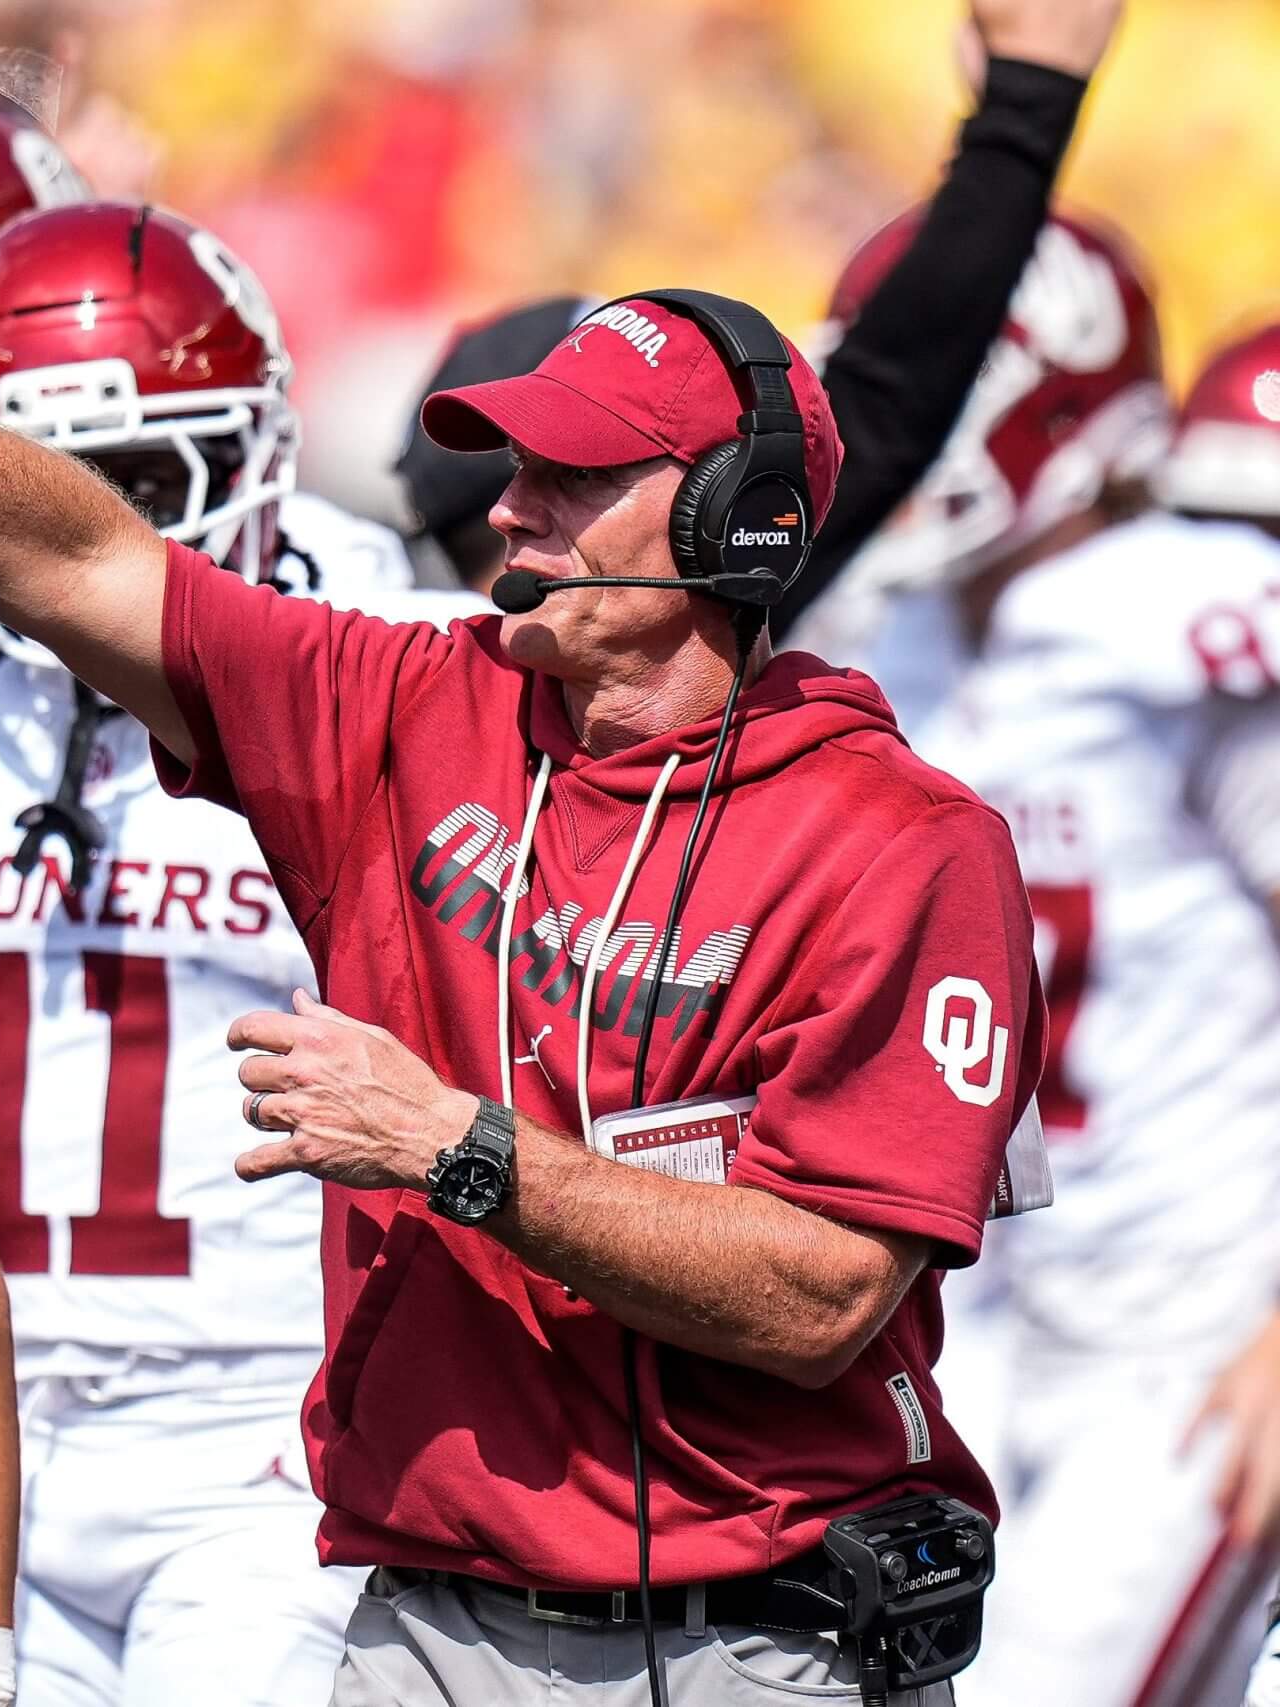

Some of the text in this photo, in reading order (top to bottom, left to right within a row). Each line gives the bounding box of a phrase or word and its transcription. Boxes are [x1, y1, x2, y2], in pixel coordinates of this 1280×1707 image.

[580, 305, 668, 362] HOMA
[731, 528, 791, 546] devon
[922, 975, 1009, 1107] OU
[897, 1566, 961, 1594] CoachComm
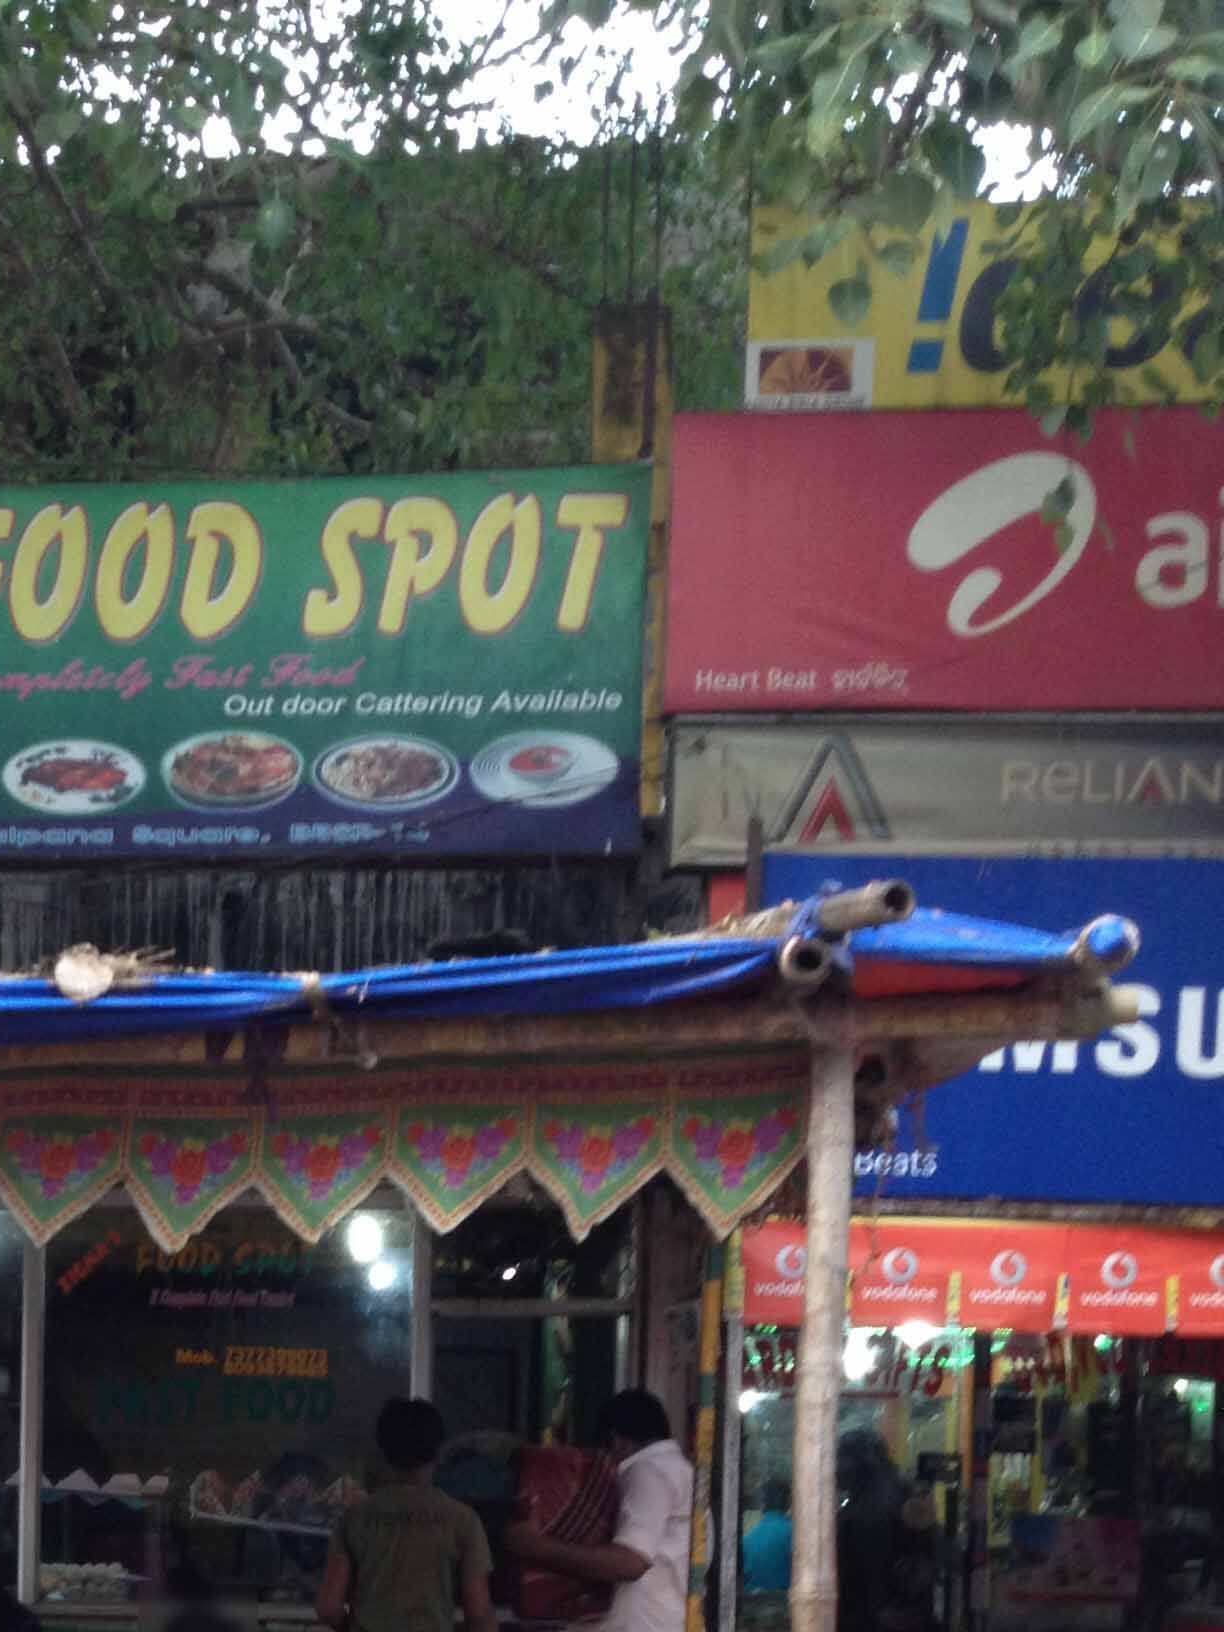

·····

EXERCISE REQUIREMENTS: Could the listing above be transcribed exactly, with the pictures left out?

RESULT FOR THIS TASK:
Some of the text in this photo, in reading order (top to bottom, left to right within a row). Each line gives the bounding box of a phrase or word and its transcription. Boxes are [x1, y1, x2, y2], in pixel coordinates of this 1280×1707 image.

[580, 305, 668, 362] HOMA
[731, 528, 791, 546] devon
[922, 975, 1009, 1107] OU
[897, 1566, 961, 1594] CoachComm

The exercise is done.